Control of dentate gyrus function and context discrimination by CCK+ interneurons

Efficient memory processes rely on our brain's ability to store similar experiences as distinct memories. This process, performed in part by a structure in the brains of mammals called hippocampus, facilitates memory discrimination and is affected in brain disorders like dementia and post-traumatic stress disorders. As a result, animals and people suffering from these disorders experience difficulties recalling or accurately retrieving memories.

Our understanding of how the hippocampus encodes similar experiences as distinct memories, allowing for easy discrimination during recall, is still limited.
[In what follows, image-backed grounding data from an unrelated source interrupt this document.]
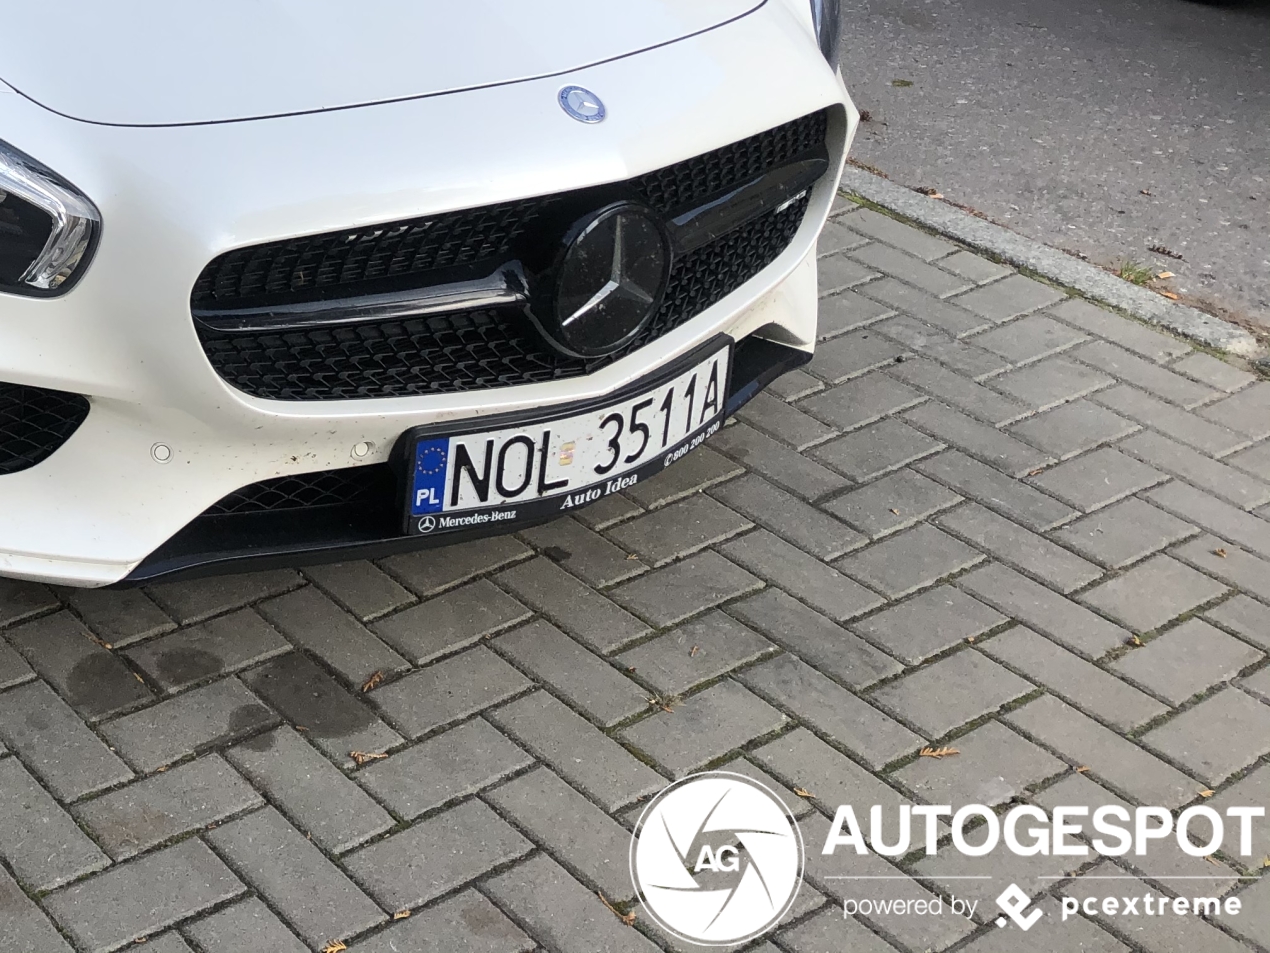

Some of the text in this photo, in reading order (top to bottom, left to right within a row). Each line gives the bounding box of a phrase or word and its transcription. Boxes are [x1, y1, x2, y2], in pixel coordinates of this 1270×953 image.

[415, 359, 719, 507] PL NOL 3511A
[438, 510, 517, 529] Mercedes-Benz
[560, 486, 601, 510] Auto
[604, 473, 638, 496] Idea
[690, 432, 705, 450] 200
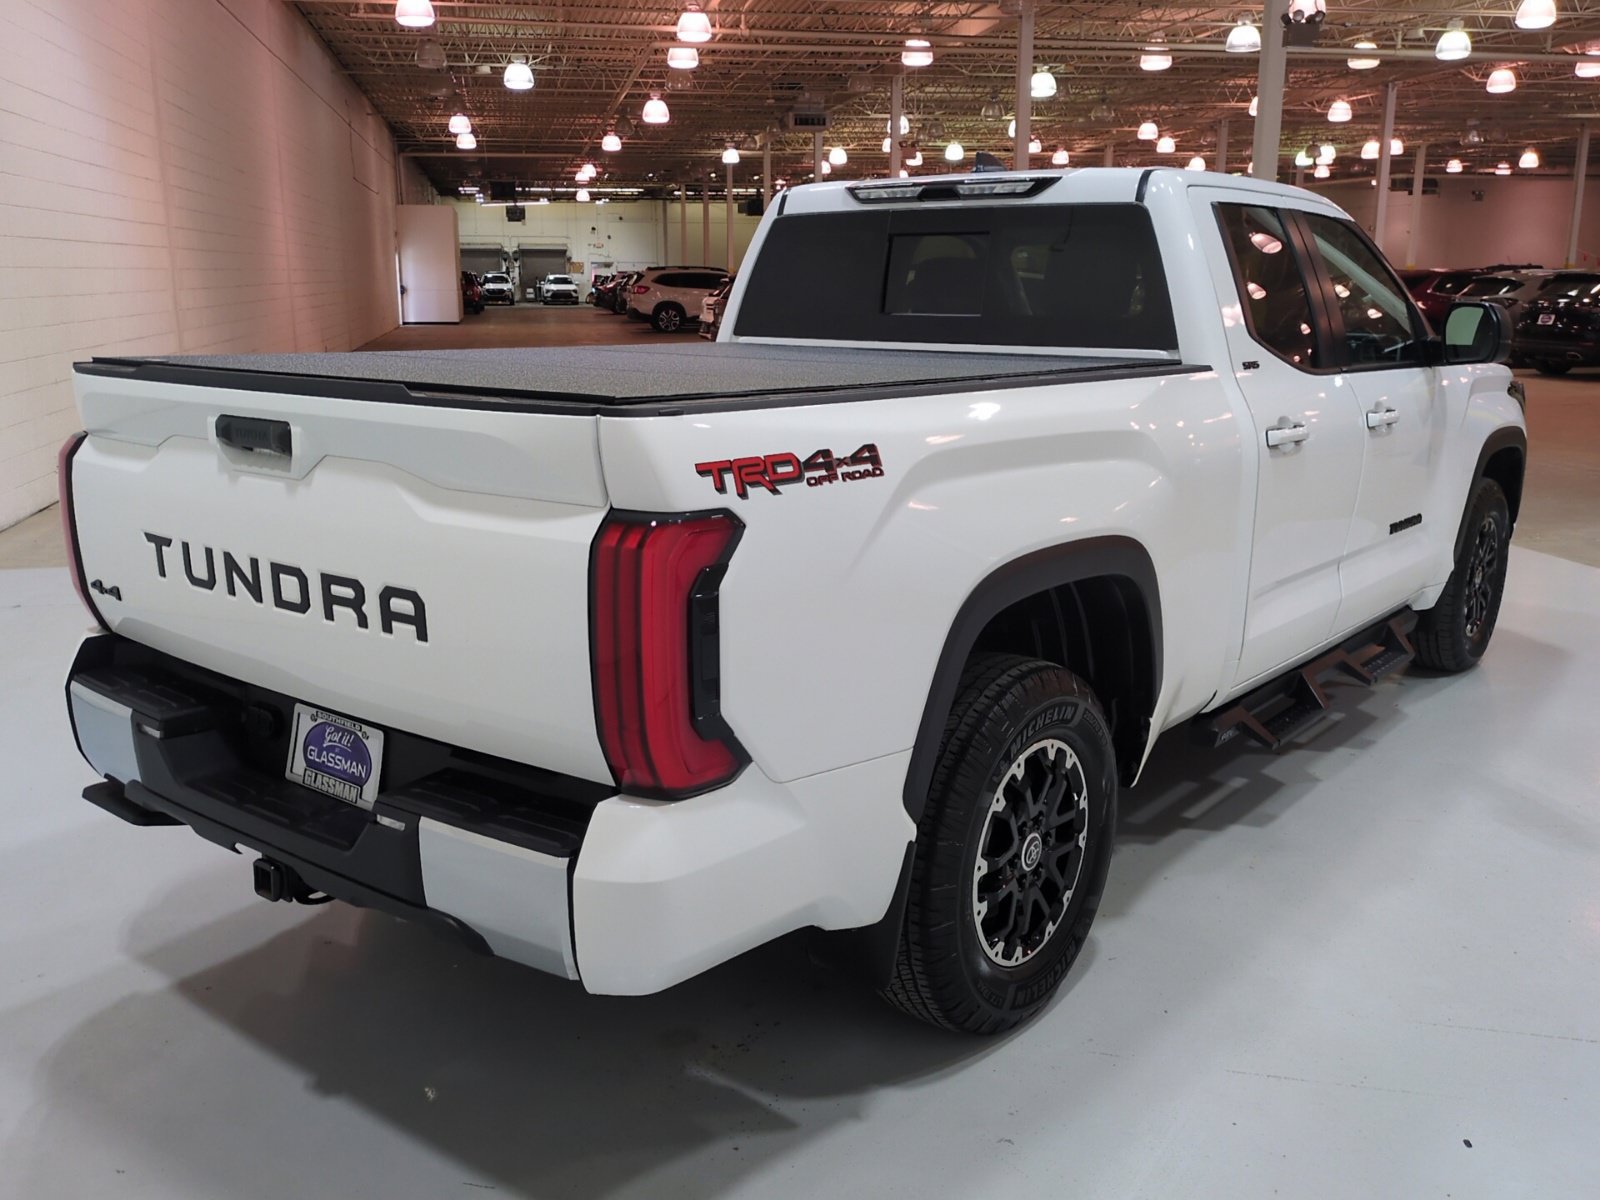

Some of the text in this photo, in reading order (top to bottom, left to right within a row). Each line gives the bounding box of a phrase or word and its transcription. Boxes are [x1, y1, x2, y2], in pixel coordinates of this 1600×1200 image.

Recent advancements in neuroscience suggest that coordinated activity between excitatory and inhibitory neurons enables a specific computation known as pattern separation within the hippocampal circuit.
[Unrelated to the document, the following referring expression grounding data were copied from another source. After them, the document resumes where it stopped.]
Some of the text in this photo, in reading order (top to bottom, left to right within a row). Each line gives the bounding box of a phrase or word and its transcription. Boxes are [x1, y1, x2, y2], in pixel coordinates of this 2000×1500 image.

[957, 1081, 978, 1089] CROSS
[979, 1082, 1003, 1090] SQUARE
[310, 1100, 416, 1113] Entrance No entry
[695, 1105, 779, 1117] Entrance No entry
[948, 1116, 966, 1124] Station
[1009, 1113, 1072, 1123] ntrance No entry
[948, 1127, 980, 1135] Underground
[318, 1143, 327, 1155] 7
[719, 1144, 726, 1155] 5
This computation transforms similar input patterns into highly dissimilar output patterns and is thought to be the basis for memory discrimination. In the proposed research, the investigators aim to determine the contribution of a specific type of inhibitory neurons called cholecystokinin-expressing (CCK) neurons to the hippocampal circuit’s function.

Their long-term goal is to enhance our understanding of critical computations, like pattern separation, performed by this brain region, which are crucial for memory discrimination. As part of this project, the investigators also provide a strong educational and training environment to students and new generations of scientists with a strong emphasis in recruiting and training minorities and under-represented groups in STEM, and they participate in outreach programs, such as the Big Brother Big Sister event organized by the Reno Museum of Natural History, which they use as a platform to share their research with the general public and students of all ages.

The investigators aim to determine the contribution of CCK neurons to hippocampal circuit function, focusing on the plasticity of CCK neurons during the developmental period of juvenile mice. Their previous work demonstrates that environmental enrichment (EE) leads to increased synapses formed by CCK neurons in the dentate gyrus, suggesting their involvement in the maturation of hippocampal function and pattern separation.

For the proposed work, they use an EE paradigm in mice and take advantage of viral mediated gene delivery technique combined with optogenetic approaches to manipulate the activity of the CCK neurons. They determine how the remodeling of the inhibitory CCK network adjusts the computation in the DG. In the first Objective of the project, they determine the contribution of CCK neurons to feedback and feedforward inhibitory microcircuits, both of which can impact pattern separation.

In the second Objective, they measure the change in pattern separation and filtering performance of the DG induced by the EE using a novel in-vitro electrophysiological protocol. Together their research aims to unravel the mechanisms underlying pattern separation by exploring the involvement of CCK neurons in the hippocampal circuit. By increasing our understanding of these fundamental computations, they will shed light on the processes that support efficient memory functioning and potentially contribute to the development of novel therapeutic approaches for memory-related disorders.

This project is jointly funded by the Modulation Program of the Neural Systems Cluster in the BIO Directorate and the Established Program to Stimulate Competitive Research (EPSCoR).

This award reflects NSF's statutory mission and has been deemed worthy of support through evaluation using the Foundation's intellectual merit and broader impacts review criteria.